In her book Other People’s Stories (2005), Amy Shuman writes that stories need to travel beyond their owners to accomplish cultural work. We can see this in Patient Opinion, which focuses on making patients’ stories of healthcare experiences travel for improving services. The Haunted One does cultural work by providing a safe place for healthcare professionals to expose their vulnerable selves, something which is not typically encouraged in the culture of medicine.

Shuman also talks about the fault lines that crack open when stories travel. By fault lines, she means the sorts of ethical quagmires that stories can fall into on their paths. For example, Patient Opinion has been criticised for its slicing and dicing approach to moderating the stories that pass through its feedback system. The privacy and confidentiality issues that The Haunted One has been wrestling with are essentially a question of who has the right to tell which stories under what circumstances, issues of what Shuman calls entitlement to acts of narration. Claiming entitlement to the stories posted on The Haunted One is complicated because they are each, as Cathy Caruth (1996) puts it, “the story of the way in which one’s own trauma is tied up with the trauma of another”. This places storytellers in a catch-22 position: telling hard stories might make a better world, but they are never just our own to tell.

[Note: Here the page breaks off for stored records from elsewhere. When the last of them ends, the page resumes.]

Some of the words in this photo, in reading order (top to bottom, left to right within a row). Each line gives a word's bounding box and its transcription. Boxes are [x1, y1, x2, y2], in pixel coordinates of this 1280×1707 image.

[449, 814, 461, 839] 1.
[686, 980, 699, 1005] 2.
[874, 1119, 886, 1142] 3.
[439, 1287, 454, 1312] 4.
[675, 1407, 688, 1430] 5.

The Haunted One is a powerful reminder that patients, families, and healthcare professionals are not separate storytelling entities, even though much research treats them this way. The storytelling that takes place in healthcare is a product of the intersections of lives and the entanglement of experiences that brings patients, families, and healthcare professionals together in a storied web. This is why it’s important to be mindful of our responsibilities when telling stories about health, illness, and care that are inevitably entwined with the lives of others.

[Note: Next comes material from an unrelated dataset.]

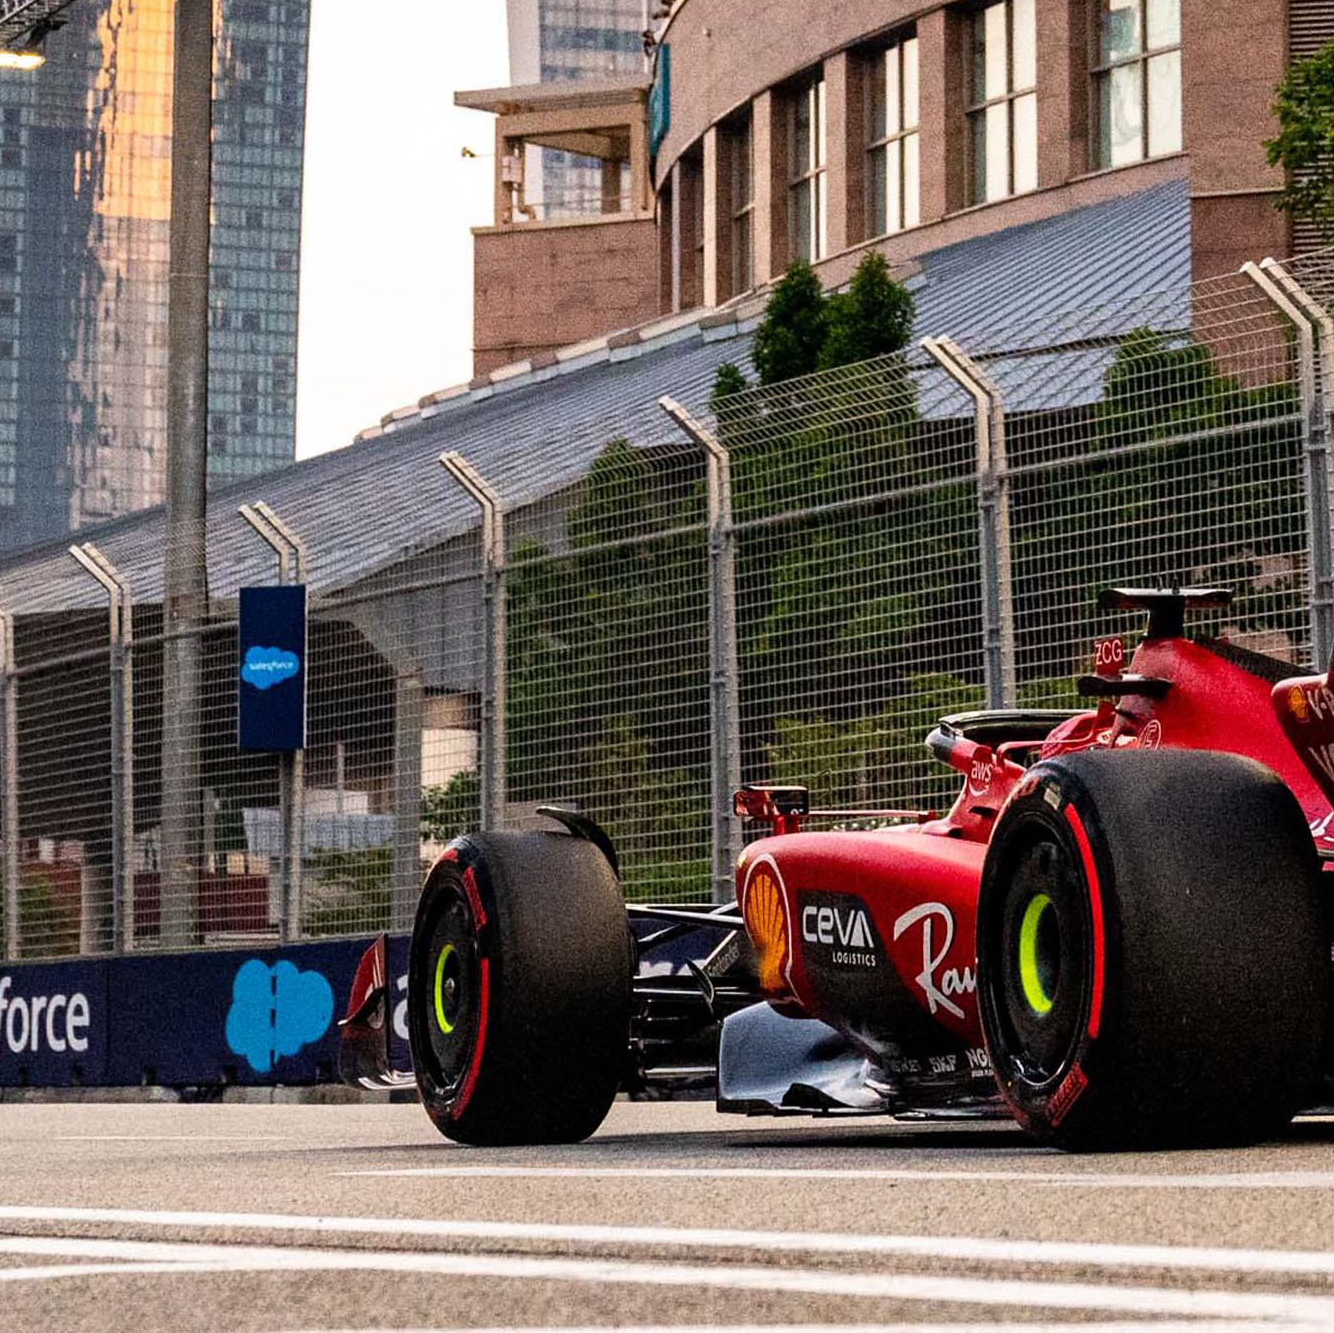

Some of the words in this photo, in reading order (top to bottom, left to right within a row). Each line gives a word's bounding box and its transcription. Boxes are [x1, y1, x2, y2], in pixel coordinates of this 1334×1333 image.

[1094, 639, 1123, 666] ZCG
[971, 760, 993, 782] aws
[832, 951, 876, 967] LOGISTICS

What I also find appealing about The Haunted One is that it challenges the way we see healthcare professionals. As Paul Atkinson (1997) has said of illness narratives, patients are typically represented as the victims, and medical staff as the villains. In many of the academic papers I’ve read, patients’ storylines are analysed to reveal the absence of compassion, sensitivity, and respect in clinical environments. Often, healthcare professionals are viewed as uncaring and disengaged and are found to ignore and dismiss patients’ suffering and keep families at arm’s length. However, The Haunted One presents a completely different picture. It unveils the basic humanity of healthcare professionals as people who care about the patients they care for, whose hearts bleed and eyes weep for them, and who carry their wounds and losses with them.

The Haunted One is a small but significant step towards humanising healthcare because it facilitates, in the words of literary scholar Arnold Weinstein (2003), “a world that is linked and meshed, a world in which pain and feeling bind us rather than divide us, an ecosystem that flaunts the primacy of emotion itself as a human bridge.” And, as a growing researcher trying to learn my way around this vast field, it has shown me the importance of understanding what it means to experience healthcare from both inside and outside the clinic doors.

References

Atkinson, P 1997, ‘Narrative Turn or Blind Alley?’, Qualitative Health Research, vol.7, no.3, pp.325-44.

Caruth, C 1996, Unclaimed Experience: Trauma, Narrative, and History, Johns Hopkins University Press, Baltimore.

Shuman, A 2005, Other People’s Stories: Entitlement Claims and the Critique of Empathy, University of Illinois Press, Urbana.

Weinstein, A 2003, A Scream Goes Through the House: What Literature Teaches Us About Life, Random House, New York.